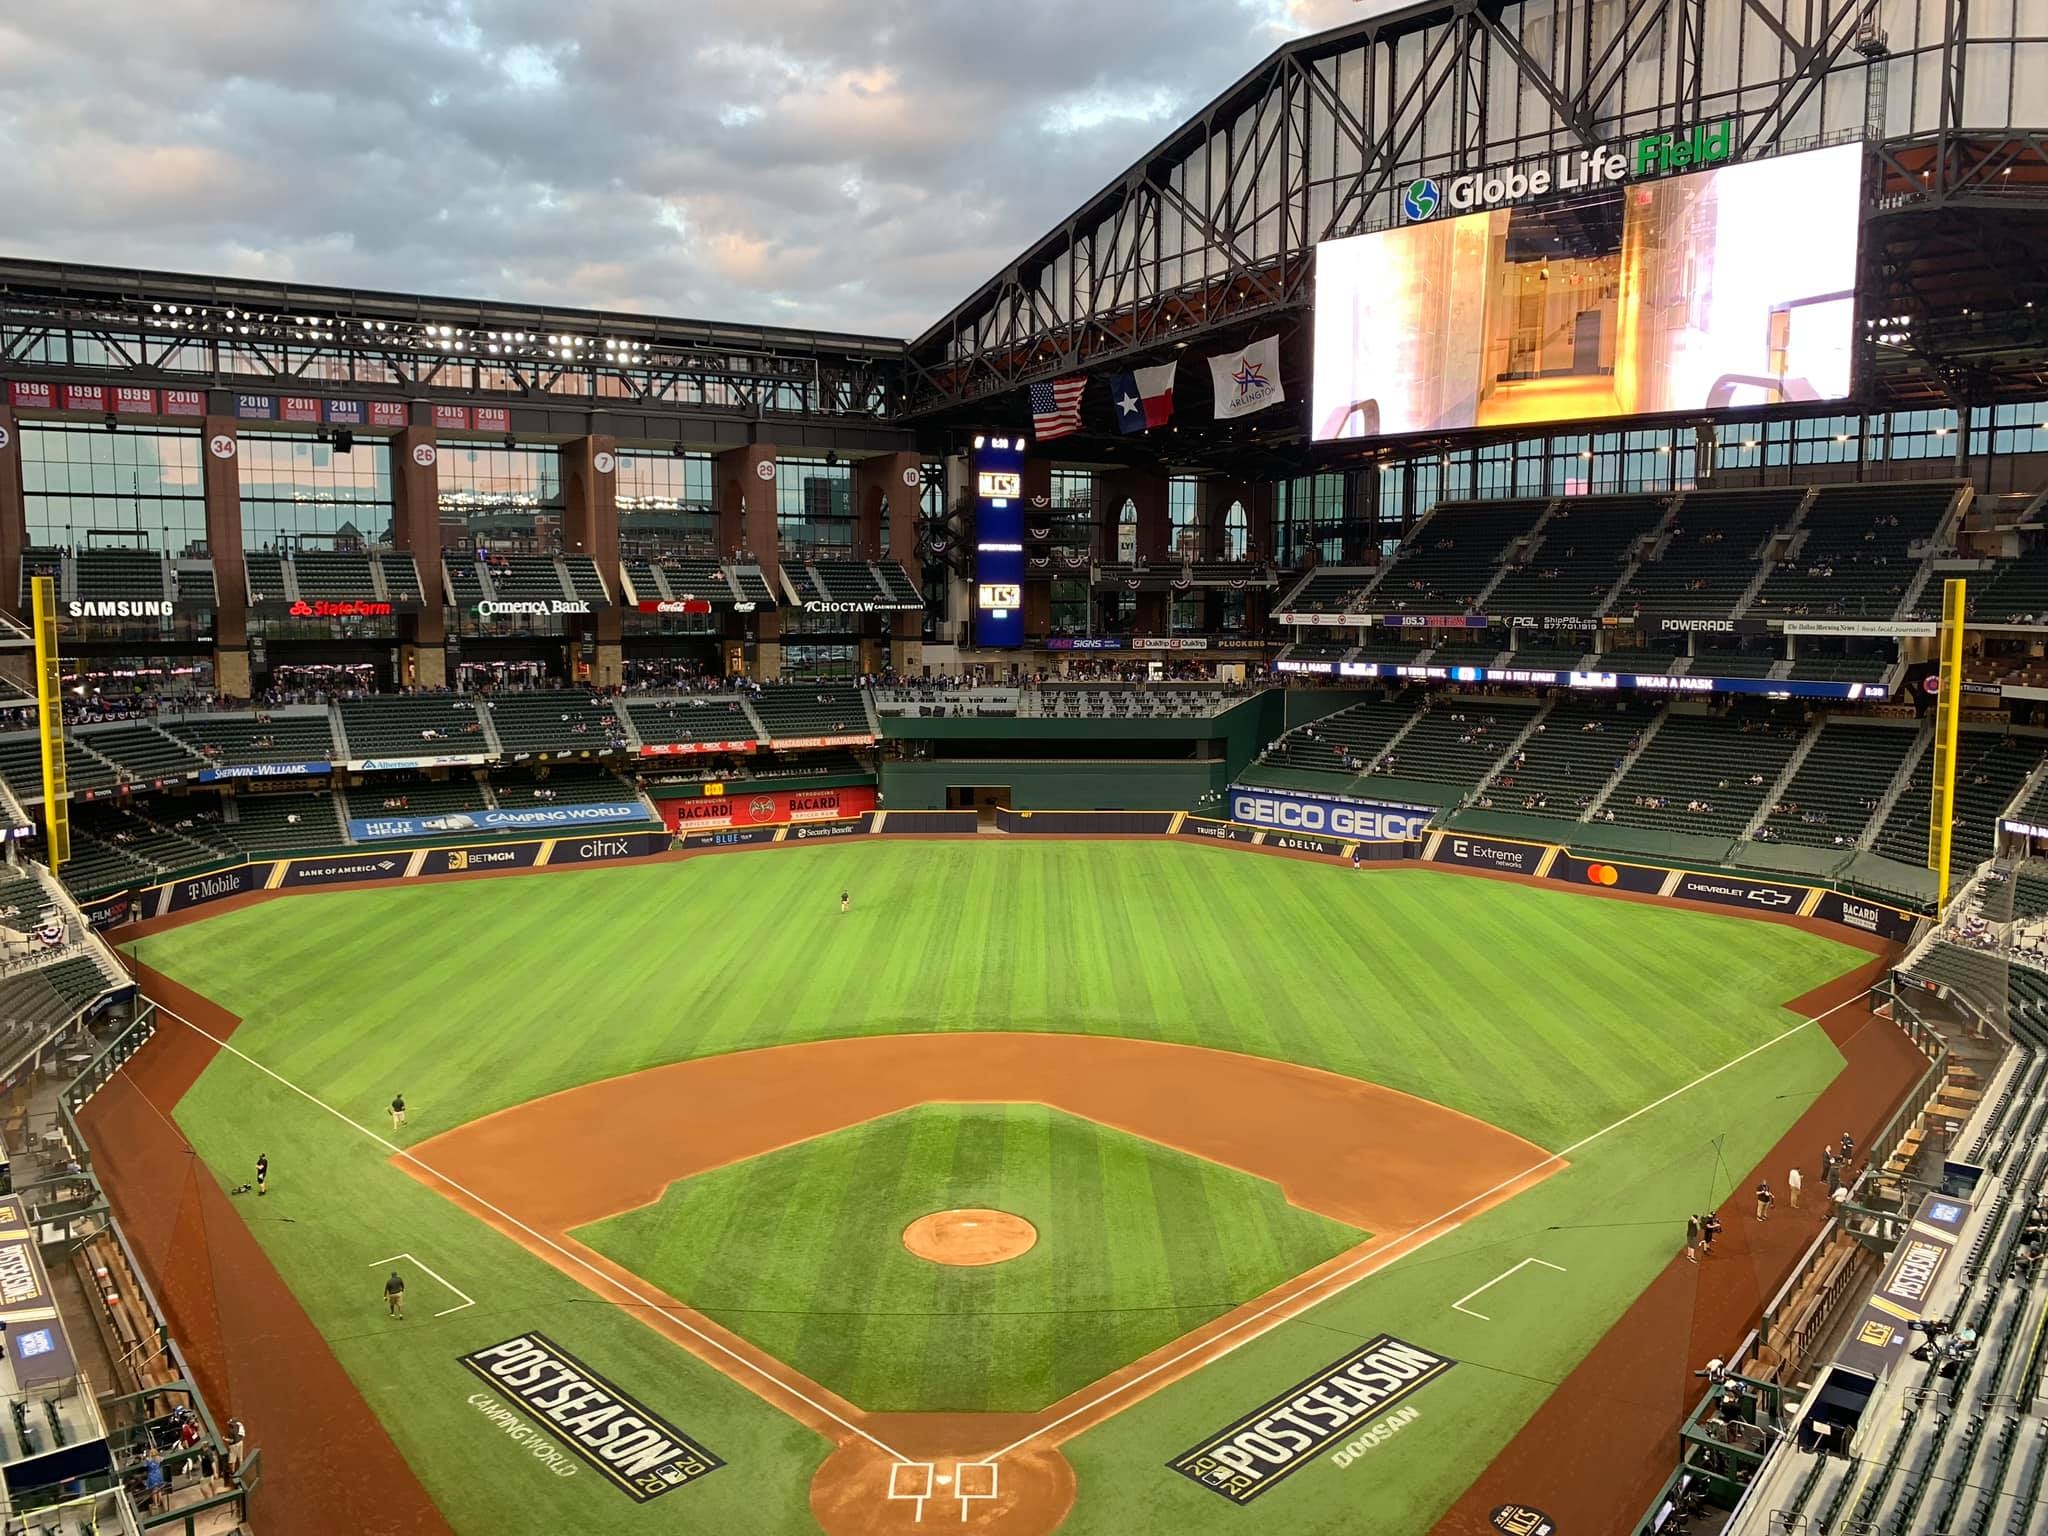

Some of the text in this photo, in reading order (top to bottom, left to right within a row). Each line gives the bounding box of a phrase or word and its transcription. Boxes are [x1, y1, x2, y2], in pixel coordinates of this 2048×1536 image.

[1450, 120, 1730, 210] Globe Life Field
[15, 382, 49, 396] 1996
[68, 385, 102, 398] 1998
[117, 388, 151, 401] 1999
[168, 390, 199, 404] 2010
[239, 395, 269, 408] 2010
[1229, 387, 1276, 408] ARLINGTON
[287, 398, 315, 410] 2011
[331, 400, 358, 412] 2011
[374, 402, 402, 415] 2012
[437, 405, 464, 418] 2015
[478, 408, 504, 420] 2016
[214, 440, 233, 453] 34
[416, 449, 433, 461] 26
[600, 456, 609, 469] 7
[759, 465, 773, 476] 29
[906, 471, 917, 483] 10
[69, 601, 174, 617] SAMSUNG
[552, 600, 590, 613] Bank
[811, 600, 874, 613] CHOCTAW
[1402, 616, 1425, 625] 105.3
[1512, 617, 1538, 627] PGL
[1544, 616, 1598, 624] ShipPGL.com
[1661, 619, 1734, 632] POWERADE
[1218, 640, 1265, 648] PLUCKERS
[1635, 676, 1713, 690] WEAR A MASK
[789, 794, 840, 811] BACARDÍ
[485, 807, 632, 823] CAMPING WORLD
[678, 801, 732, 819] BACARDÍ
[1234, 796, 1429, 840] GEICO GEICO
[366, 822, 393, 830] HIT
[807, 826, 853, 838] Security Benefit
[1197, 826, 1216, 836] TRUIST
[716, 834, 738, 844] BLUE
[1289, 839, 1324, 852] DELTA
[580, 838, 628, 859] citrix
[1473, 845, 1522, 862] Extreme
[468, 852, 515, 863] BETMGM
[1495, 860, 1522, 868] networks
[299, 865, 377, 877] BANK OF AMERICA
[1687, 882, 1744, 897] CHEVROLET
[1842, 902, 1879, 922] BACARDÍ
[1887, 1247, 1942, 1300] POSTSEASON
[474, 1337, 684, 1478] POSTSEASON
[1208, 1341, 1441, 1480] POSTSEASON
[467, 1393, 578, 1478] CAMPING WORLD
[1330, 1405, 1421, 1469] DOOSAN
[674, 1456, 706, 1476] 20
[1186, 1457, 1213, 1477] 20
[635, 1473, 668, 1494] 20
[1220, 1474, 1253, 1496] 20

# The problem:
Pictures excluded, set down all the entries exactly.

# Result of this task:
Some of the text in this photo, in reading order (top to bottom, left to right within a row). Each line gives the bounding box of a phrase or word and its transcription. Boxes are [x1, y1, x2, y2], in pixel coordinates of this 2048×1536 image.

[1450, 120, 1730, 210] Globe Life Field
[15, 382, 49, 396] 1996
[68, 385, 102, 398] 1998
[117, 388, 151, 401] 1999
[168, 390, 199, 404] 2010
[239, 395, 269, 408] 2010
[1229, 387, 1276, 408] ARLINGTON
[287, 398, 315, 410] 2011
[331, 400, 358, 412] 2011
[374, 402, 402, 415] 2012
[437, 405, 464, 418] 2015
[478, 408, 504, 420] 2016
[214, 440, 233, 453] 34
[416, 449, 433, 461] 26
[600, 456, 609, 469] 7
[759, 465, 773, 476] 29
[906, 471, 917, 483] 10
[69, 601, 174, 617] SAMSUNG
[552, 600, 590, 613] Bank
[811, 600, 874, 613] CHOCTAW
[1402, 616, 1425, 625] 105.3
[1512, 617, 1538, 627] PGL
[1544, 616, 1598, 624] ShipPGL.com
[1661, 619, 1734, 632] POWERADE
[1218, 640, 1265, 648] PLUCKERS
[1635, 676, 1713, 690] WEAR A MASK
[789, 794, 840, 811] BACARDÍ
[485, 807, 632, 823] CAMPING WORLD
[678, 801, 732, 819] BACARDÍ
[1234, 796, 1429, 840] GEICO GEICO
[366, 822, 393, 830] HIT
[807, 826, 853, 838] Security Benefit
[1197, 826, 1216, 836] TRUIST
[716, 834, 738, 844] BLUE
[1289, 839, 1324, 852] DELTA
[580, 838, 628, 859] citrix
[1473, 845, 1522, 862] Extreme
[468, 852, 515, 863] BETMGM
[1495, 860, 1522, 868] networks
[299, 865, 377, 877] BANK OF AMERICA
[1687, 882, 1744, 897] CHEVROLET
[1842, 902, 1879, 922] BACARDÍ
[1887, 1247, 1942, 1300] POSTSEASON
[474, 1337, 684, 1478] POSTSEASON
[1208, 1341, 1441, 1480] POSTSEASON
[467, 1393, 578, 1478] CAMPING WORLD
[1330, 1405, 1421, 1469] DOOSAN
[674, 1456, 706, 1476] 20
[1186, 1457, 1213, 1477] 20
[635, 1473, 668, 1494] 20
[1220, 1474, 1253, 1496] 20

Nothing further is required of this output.